- Activity: Here the job is to repeat the listing exactly, but not the pictures in it.
━━━━━━━━━━━━━━━━━━━━
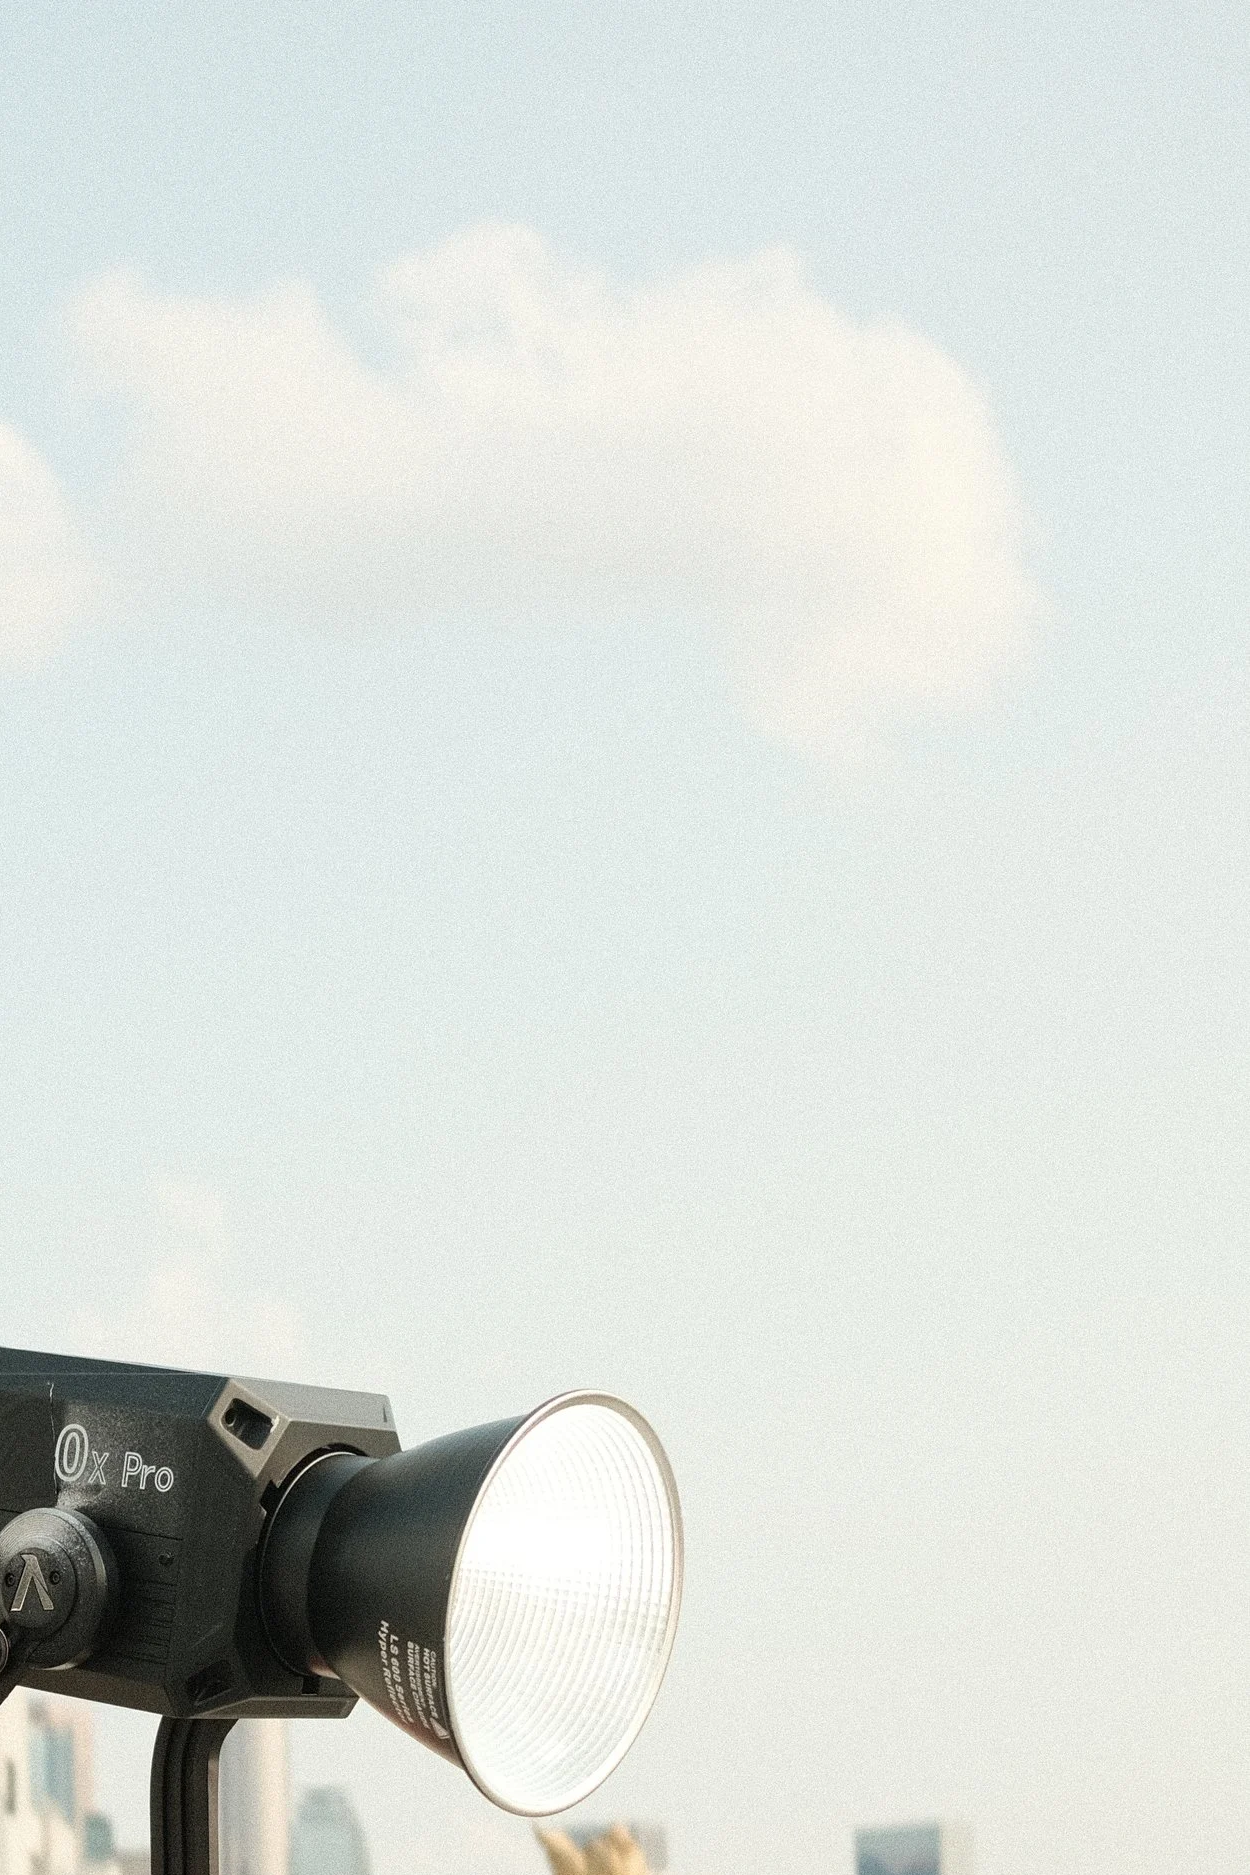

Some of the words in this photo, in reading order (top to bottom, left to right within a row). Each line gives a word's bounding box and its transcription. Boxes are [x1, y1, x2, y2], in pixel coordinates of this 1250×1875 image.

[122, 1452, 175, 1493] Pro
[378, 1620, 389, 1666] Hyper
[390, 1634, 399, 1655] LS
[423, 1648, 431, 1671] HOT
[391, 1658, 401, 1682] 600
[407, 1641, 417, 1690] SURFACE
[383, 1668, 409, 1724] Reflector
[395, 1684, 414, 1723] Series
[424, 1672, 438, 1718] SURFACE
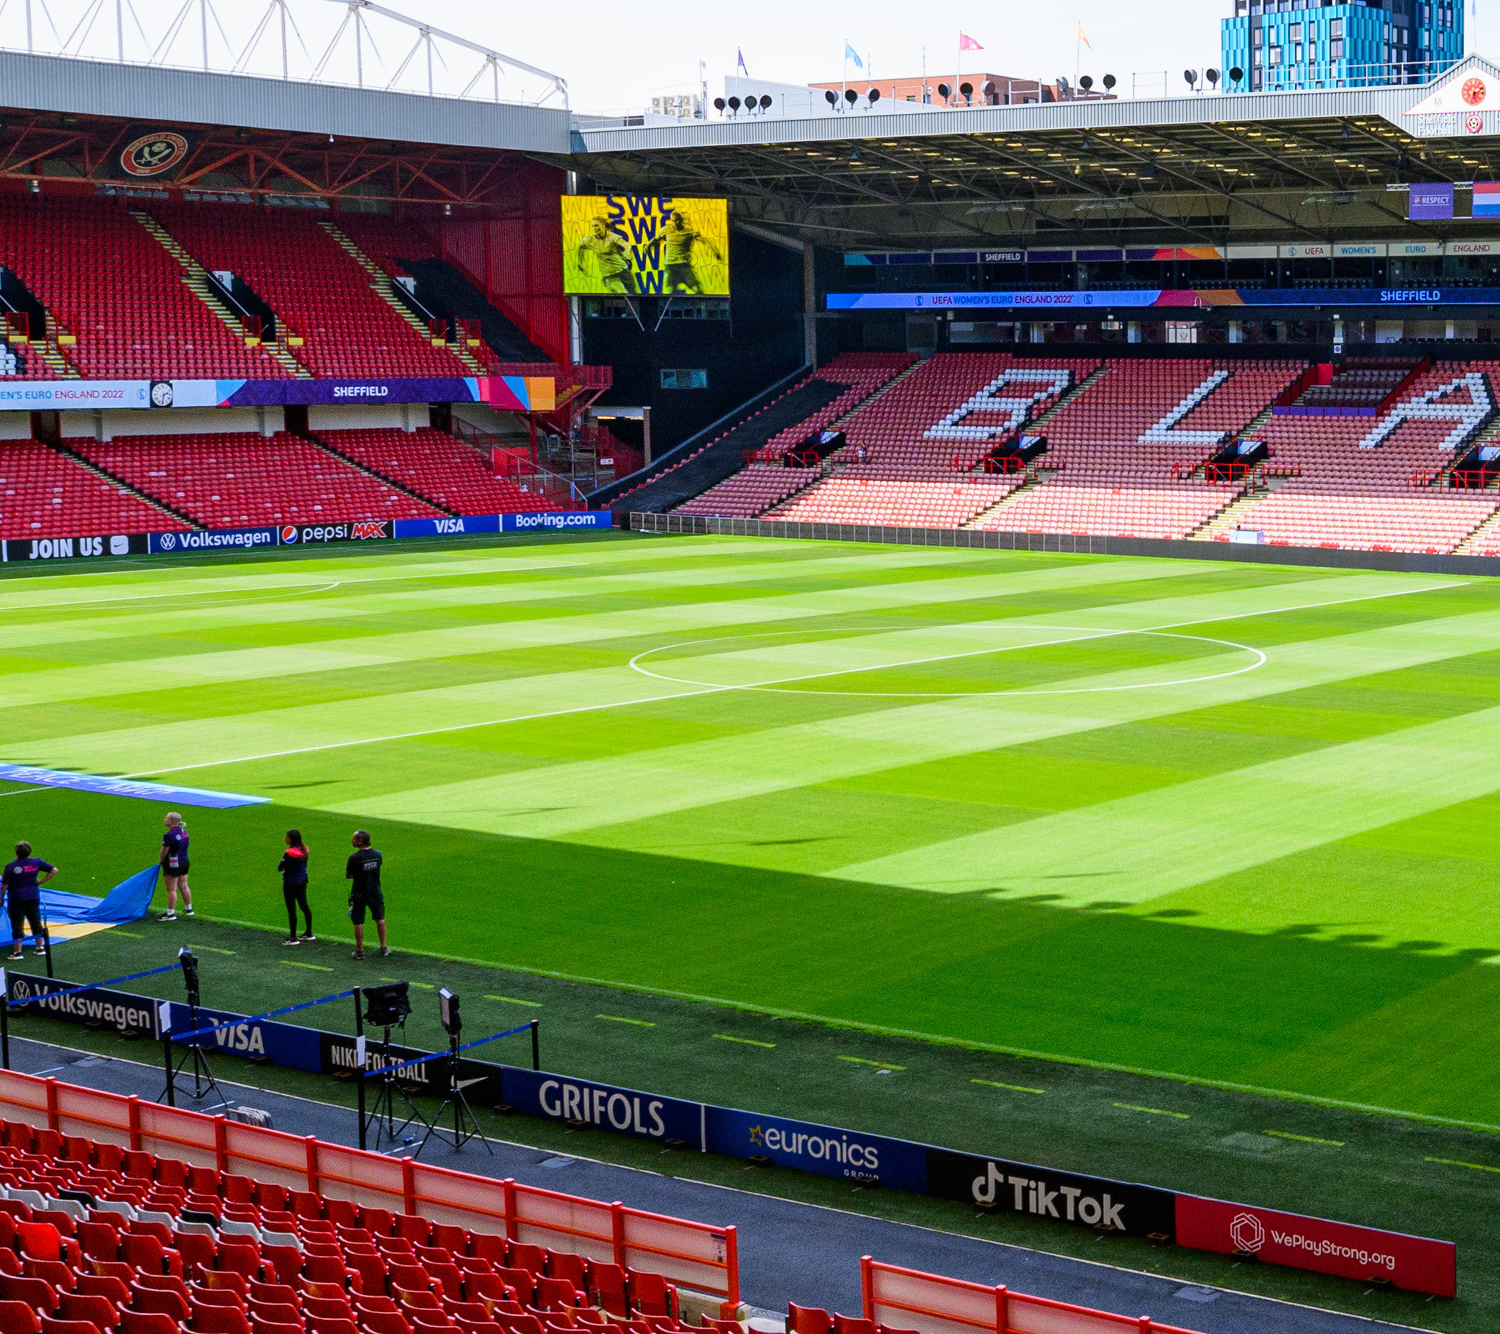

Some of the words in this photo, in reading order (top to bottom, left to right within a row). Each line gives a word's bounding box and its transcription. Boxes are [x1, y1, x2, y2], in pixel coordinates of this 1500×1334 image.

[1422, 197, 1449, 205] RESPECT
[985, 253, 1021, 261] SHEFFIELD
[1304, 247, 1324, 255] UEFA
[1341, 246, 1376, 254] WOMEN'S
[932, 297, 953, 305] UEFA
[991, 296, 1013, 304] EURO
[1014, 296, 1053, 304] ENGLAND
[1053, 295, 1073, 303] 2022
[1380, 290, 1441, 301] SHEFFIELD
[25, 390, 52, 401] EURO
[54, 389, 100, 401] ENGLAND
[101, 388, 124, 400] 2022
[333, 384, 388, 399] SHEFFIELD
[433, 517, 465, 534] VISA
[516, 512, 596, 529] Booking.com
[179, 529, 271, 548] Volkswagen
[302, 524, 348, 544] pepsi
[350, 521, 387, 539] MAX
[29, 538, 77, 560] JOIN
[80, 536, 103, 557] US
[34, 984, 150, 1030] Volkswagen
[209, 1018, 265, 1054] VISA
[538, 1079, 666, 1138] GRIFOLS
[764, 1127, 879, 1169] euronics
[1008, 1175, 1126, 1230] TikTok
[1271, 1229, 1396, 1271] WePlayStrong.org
━━━━━━━━━━━━━━━━━━━━
- Result:
Some of the words in this photo, in reading order (top to bottom, left to right within a row). Each line gives a word's bounding box and its transcription. Boxes are [x1, y1, x2, y2], in pixel coordinates of this 1250×1875 image.

[122, 1452, 175, 1493] Pro
[378, 1620, 389, 1666] Hyper
[390, 1634, 399, 1655] LS
[423, 1648, 431, 1671] HOT
[391, 1658, 401, 1682] 600
[407, 1641, 417, 1690] SURFACE
[383, 1668, 409, 1724] Reflector
[395, 1684, 414, 1723] Series
[424, 1672, 438, 1718] SURFACE

Some of the words in this photo, in reading order (top to bottom, left to right within a row). Each line gives a word's bounding box and its transcription. Boxes are [x1, y1, x2, y2], in pixel coordinates of this 1500×1334 image.

[1422, 197, 1449, 205] RESPECT
[985, 253, 1021, 261] SHEFFIELD
[1304, 247, 1324, 255] UEFA
[1341, 246, 1376, 254] WOMEN'S
[932, 297, 953, 305] UEFA
[991, 296, 1013, 304] EURO
[1014, 296, 1053, 304] ENGLAND
[1053, 295, 1073, 303] 2022
[1380, 290, 1441, 301] SHEFFIELD
[25, 390, 52, 401] EURO
[54, 389, 100, 401] ENGLAND
[101, 388, 124, 400] 2022
[333, 384, 388, 399] SHEFFIELD
[433, 517, 465, 534] VISA
[516, 512, 596, 529] Booking.com
[179, 529, 271, 548] Volkswagen
[302, 524, 348, 544] pepsi
[350, 521, 387, 539] MAX
[29, 538, 77, 560] JOIN
[80, 536, 103, 557] US
[34, 984, 150, 1030] Volkswagen
[209, 1018, 265, 1054] VISA
[538, 1079, 666, 1138] GRIFOLS
[764, 1127, 879, 1169] euronics
[1008, 1175, 1126, 1230] TikTok
[1271, 1229, 1396, 1271] WePlayStrong.org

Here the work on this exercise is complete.